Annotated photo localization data
══════════

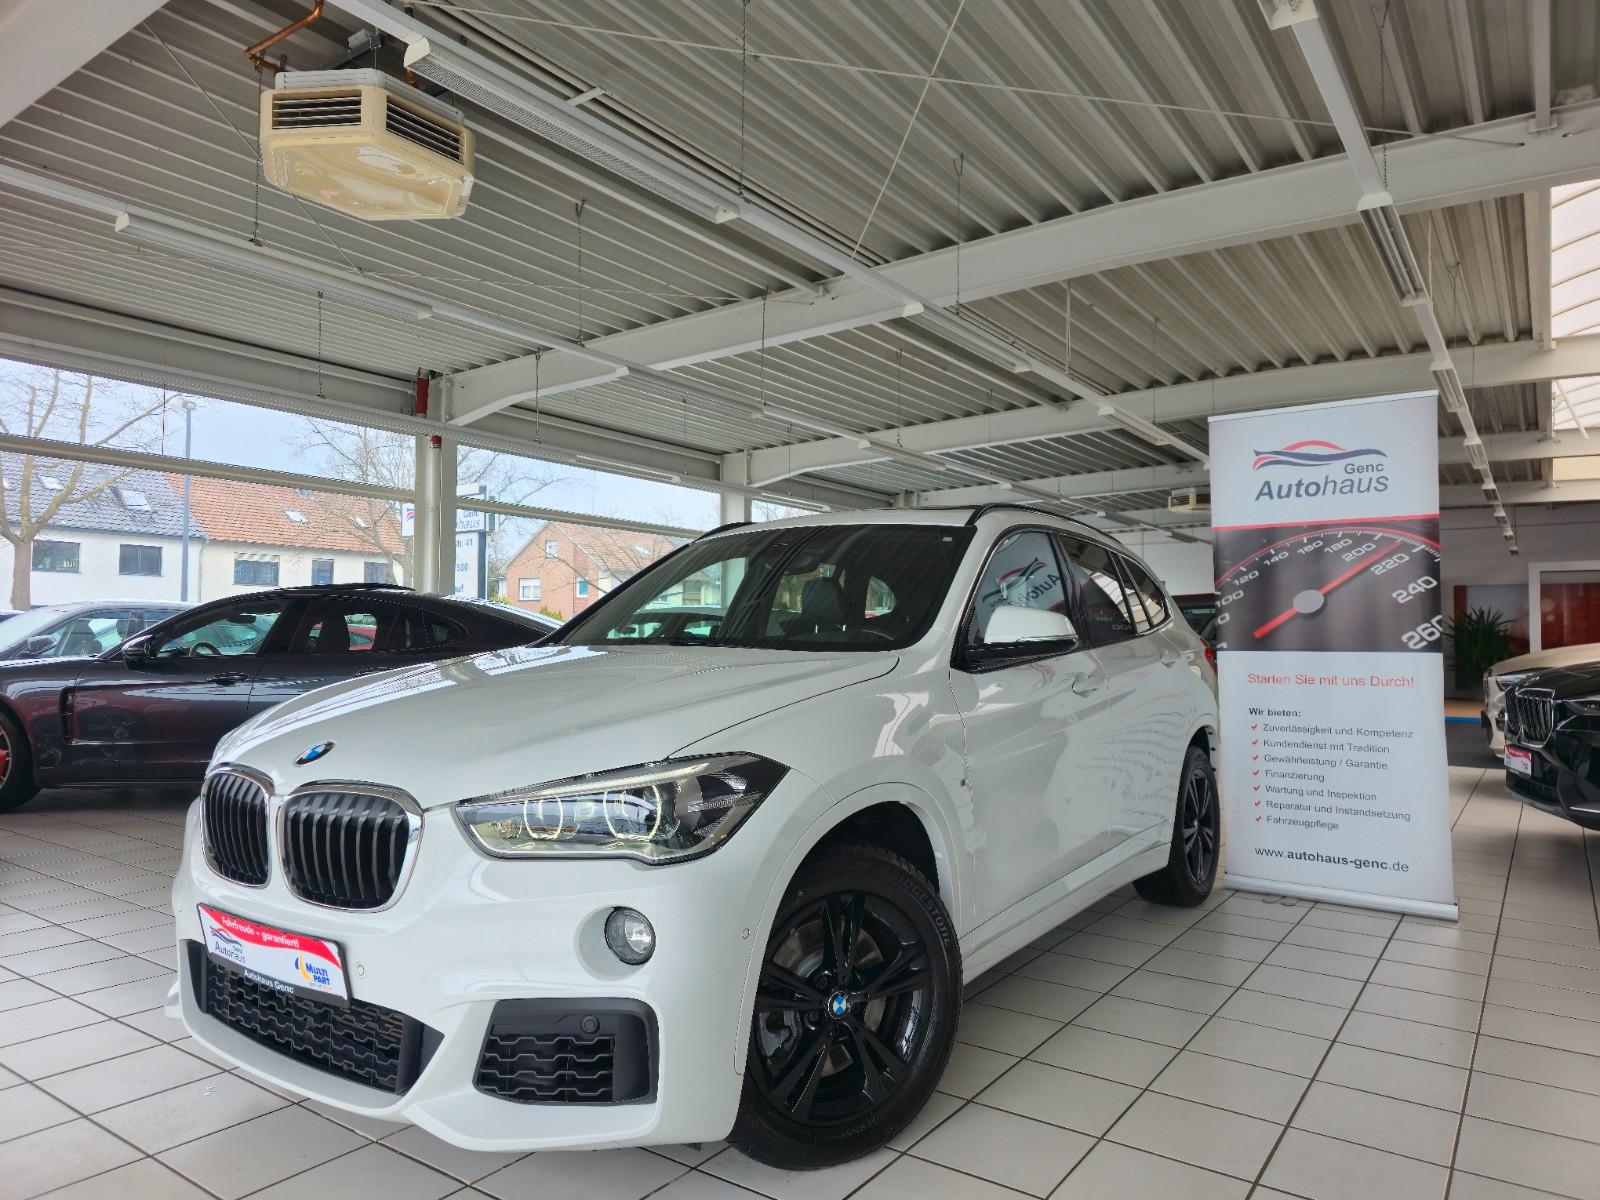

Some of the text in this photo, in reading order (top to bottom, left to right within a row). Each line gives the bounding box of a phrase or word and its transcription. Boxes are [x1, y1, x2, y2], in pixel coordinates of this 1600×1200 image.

[1344, 462, 1385, 475] Genc
[1255, 474, 1390, 501] Autohaus
[1296, 539, 1325, 556] 160
[1323, 537, 1353, 554] 180
[1341, 542, 1377, 563] 200
[1263, 551, 1289, 566] 140
[1370, 553, 1411, 576] 220
[1232, 570, 1260, 586] 120
[1391, 575, 1438, 604] 240
[1215, 589, 1245, 608] 100
[1247, 673, 1414, 688] Starten Sie mit uns Durch!
[1248, 707, 1302, 717] Wir bieten:
[1262, 723, 1414, 739] Zuverlässigkeit und Kompetenz
[1263, 738, 1390, 754] Kundendienst mit Tradition
[1264, 754, 1337, 768] Gewährleistung
[1345, 758, 1388, 770] Garantie
[1264, 769, 1325, 783] Finanzierung
[1265, 784, 1377, 801] Wartung und Inspektion
[1266, 800, 1411, 822] Reparatur und Instandsetzung
[1266, 815, 1339, 831] Fahrzeugpflege
[1254, 847, 1410, 873] www.autohaus-genc.de
[274, 980, 295, 994] Genc
[312, 974, 330, 986] PART

══════════

## Instructions to follow
All the records above need to be given again word for word. Skip the pictures.

## Problem solution
Some of the text in this photo, in reading order (top to bottom, left to right within a row). Each line gives the bounding box of a phrase or word and its transcription. Boxes are [x1, y1, x2, y2], in pixel coordinates of this 1600×1200 image.

[1344, 462, 1385, 475] Genc
[1255, 474, 1390, 501] Autohaus
[1296, 539, 1325, 556] 160
[1323, 537, 1353, 554] 180
[1341, 542, 1377, 563] 200
[1263, 551, 1289, 566] 140
[1370, 553, 1411, 576] 220
[1232, 570, 1260, 586] 120
[1391, 575, 1438, 604] 240
[1215, 589, 1245, 608] 100
[1247, 673, 1414, 688] Starten Sie mit uns Durch!
[1248, 707, 1302, 717] Wir bieten:
[1262, 723, 1414, 739] Zuverlässigkeit und Kompetenz
[1263, 738, 1390, 754] Kundendienst mit Tradition
[1264, 754, 1337, 768] Gewährleistung
[1345, 758, 1388, 770] Garantie
[1264, 769, 1325, 783] Finanzierung
[1265, 784, 1377, 801] Wartung und Inspektion
[1266, 800, 1411, 822] Reparatur und Instandsetzung
[1266, 815, 1339, 831] Fahrzeugpflege
[1254, 847, 1410, 873] www.autohaus-genc.de
[274, 980, 295, 994] Genc
[312, 974, 330, 986] PART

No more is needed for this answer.